(Dataset entries)

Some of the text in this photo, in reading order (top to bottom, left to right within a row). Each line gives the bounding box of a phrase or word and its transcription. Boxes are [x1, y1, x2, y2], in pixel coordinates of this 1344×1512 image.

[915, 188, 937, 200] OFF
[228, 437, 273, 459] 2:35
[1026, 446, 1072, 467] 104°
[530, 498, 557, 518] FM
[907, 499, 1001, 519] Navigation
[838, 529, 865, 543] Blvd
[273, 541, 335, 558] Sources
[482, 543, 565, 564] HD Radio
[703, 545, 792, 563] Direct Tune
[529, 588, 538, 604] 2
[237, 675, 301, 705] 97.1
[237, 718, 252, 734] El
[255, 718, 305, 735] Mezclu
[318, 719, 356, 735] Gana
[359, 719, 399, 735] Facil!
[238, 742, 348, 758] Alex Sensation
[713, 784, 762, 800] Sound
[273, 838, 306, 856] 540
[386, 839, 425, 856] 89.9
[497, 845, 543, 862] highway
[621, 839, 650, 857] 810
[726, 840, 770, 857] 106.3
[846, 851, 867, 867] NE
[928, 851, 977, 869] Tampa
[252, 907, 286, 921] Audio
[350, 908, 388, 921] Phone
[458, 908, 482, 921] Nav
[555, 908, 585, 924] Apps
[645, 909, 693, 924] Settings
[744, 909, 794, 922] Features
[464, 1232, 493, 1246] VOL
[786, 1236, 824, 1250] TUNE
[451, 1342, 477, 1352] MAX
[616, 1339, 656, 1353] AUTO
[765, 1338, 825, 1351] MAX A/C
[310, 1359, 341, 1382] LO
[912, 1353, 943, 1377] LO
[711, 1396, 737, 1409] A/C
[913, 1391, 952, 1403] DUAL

## What you are asked to do
Your reply should contain each entry, copied without alteration.

## Response
Some of the text in this photo, in reading order (top to bottom, left to right within a row). Each line gives the bounding box of a phrase or word and its transcription. Boxes are [x1, y1, x2, y2], in pixel coordinates of this 1344×1512 image.

[915, 188, 937, 200] OFF
[228, 437, 273, 459] 2:35
[1026, 446, 1072, 467] 104°
[530, 498, 557, 518] FM
[907, 499, 1001, 519] Navigation
[838, 529, 865, 543] Blvd
[273, 541, 335, 558] Sources
[482, 543, 565, 564] HD Radio
[703, 545, 792, 563] Direct Tune
[529, 588, 538, 604] 2
[237, 675, 301, 705] 97.1
[237, 718, 252, 734] El
[255, 718, 305, 735] Mezclu
[318, 719, 356, 735] Gana
[359, 719, 399, 735] Facil!
[238, 742, 348, 758] Alex Sensation
[713, 784, 762, 800] Sound
[273, 838, 306, 856] 540
[386, 839, 425, 856] 89.9
[497, 845, 543, 862] highway
[621, 839, 650, 857] 810
[726, 840, 770, 857] 106.3
[846, 851, 867, 867] NE
[928, 851, 977, 869] Tampa
[252, 907, 286, 921] Audio
[350, 908, 388, 921] Phone
[458, 908, 482, 921] Nav
[555, 908, 585, 924] Apps
[645, 909, 693, 924] Settings
[744, 909, 794, 922] Features
[464, 1232, 493, 1246] VOL
[786, 1236, 824, 1250] TUNE
[451, 1342, 477, 1352] MAX
[616, 1339, 656, 1353] AUTO
[765, 1338, 825, 1351] MAX A/C
[310, 1359, 341, 1382] LO
[912, 1353, 943, 1377] LO
[711, 1396, 737, 1409] A/C
[913, 1391, 952, 1403] DUAL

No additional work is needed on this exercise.